Dipeptidyl peptidase 4 contributes to Alzheimer's disease-like defects in a mouse model and is increased in sporadic Alzheimer's disease brains.

The amyloid cascade hypothesis, which proposes a prominent role for full-length amyloid ß peptides in Alzheimer's disease, is currently being questioned. In addition to full-length amyloid ß peptide, several N-terminally truncated fragments of amyloid ß peptide could well contribute to Alzheimer's disease setting and/or progression. Among them, pyroGlu3-amyloid ß peptide appears to be one of the main components of early anatomical lesions in Alzheimer's disease-affected brains. Little is known about the proteolytic activities that could account for the N-terminal truncations of full-length amyloid ß, but they appear as the rate-limiting enzymes yielding the Glu3-amyloid ß peptide sequence that undergoes subsequent cyclization by glutaminyl cyclase, thereby yielding pyroGlu3-amyloid ß. Here, we investigated the contribution of dipeptidyl peptidase 4 in Glu3-amyloid ß peptide formation and the functional influence of its genetic depletion or pharmacological blockade on spine maturation as well as on pyroGlu3-amyloid ß peptide and amyloid ß 42-positive plaques and amyloid ß 42 load in the triple transgenic Alzheimer's disease mouse model. Furthermore, we examined whether reduction of dipeptidyl peptidase 4 could rescue learning and memory deficits displayed by these mice.
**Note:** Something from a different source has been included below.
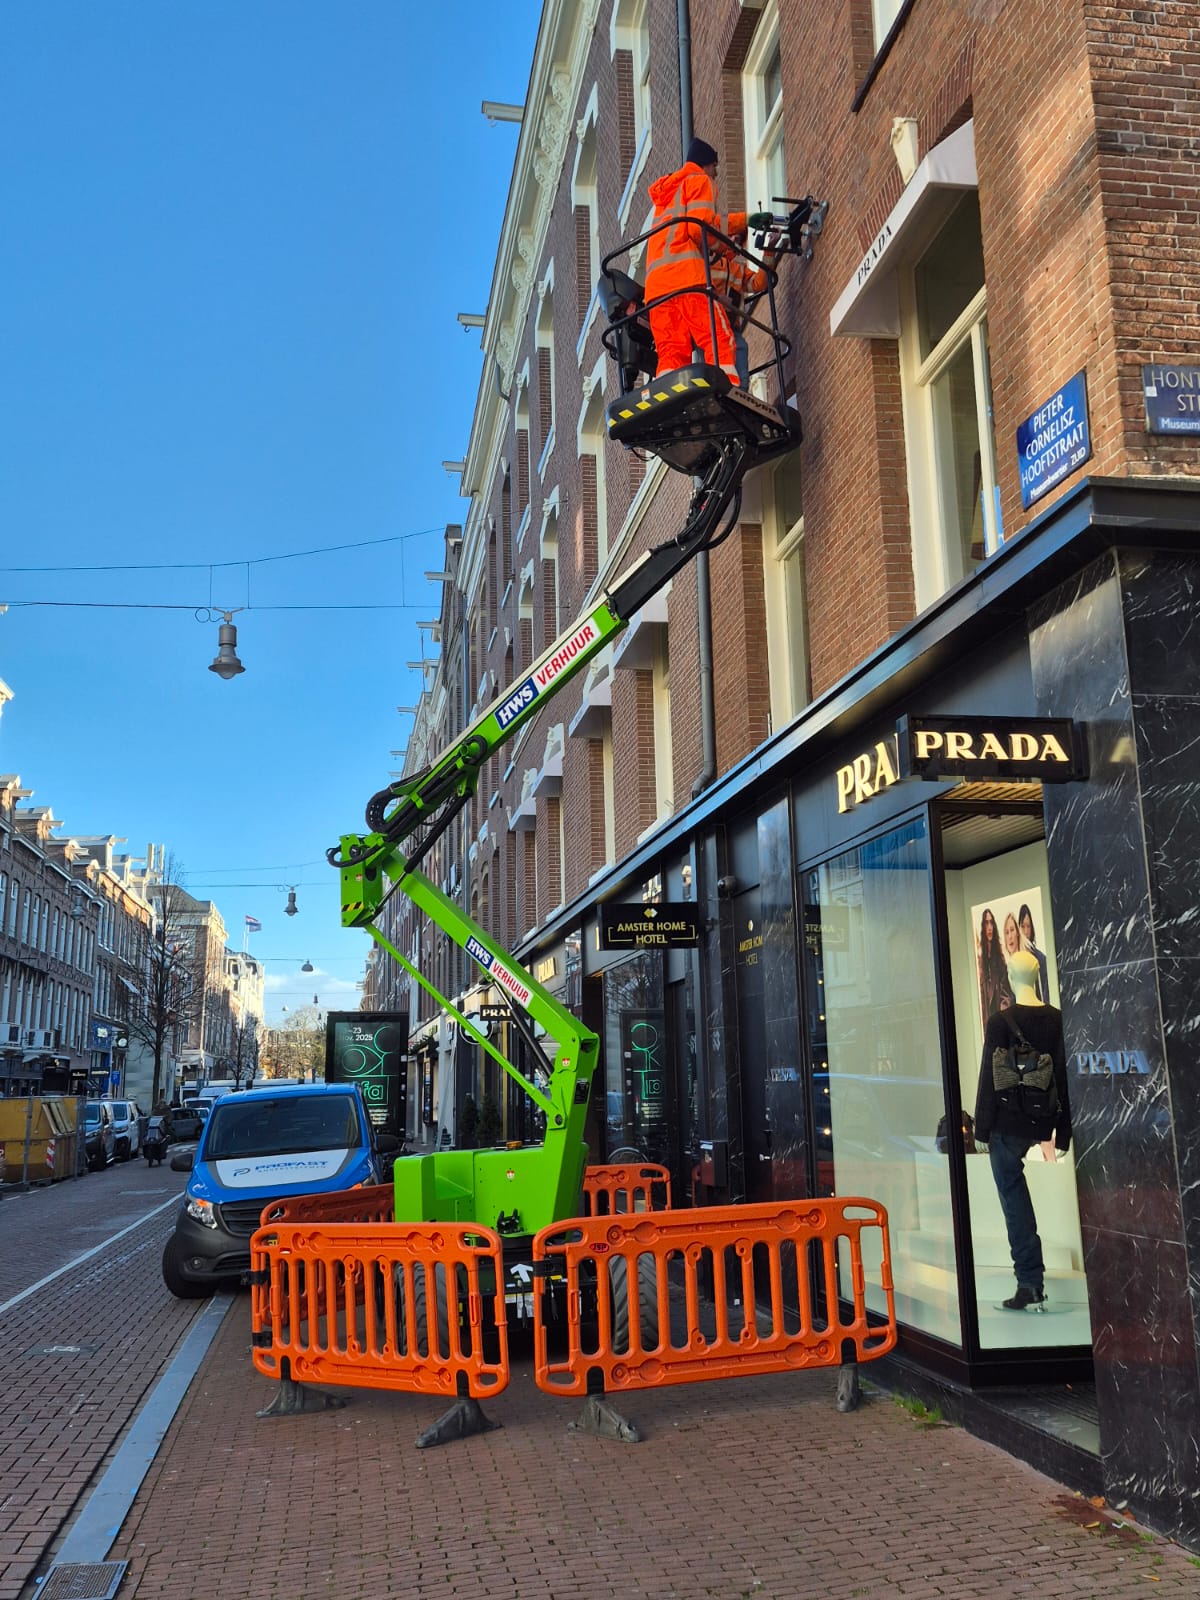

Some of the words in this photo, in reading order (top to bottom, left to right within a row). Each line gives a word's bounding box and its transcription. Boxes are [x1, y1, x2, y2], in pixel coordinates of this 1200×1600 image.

Our data establish that dipeptidyl peptidase 4 reduction alleviates anatomical, biochemical, and behavioral Alzheimer's disease-related defects. Furthermore, we demonstrate that dipeptidyl peptidase 4 activity is increased early in sporadic Alzheimer's disease brains. Thus, our data demonstrate that dipeptidyl peptidase 4 participates in pyroGlu3-amyloid ß peptide formation and that targeting this peptidase could be considered as an alternative strategy to interfere with Alzheimer's disease progression.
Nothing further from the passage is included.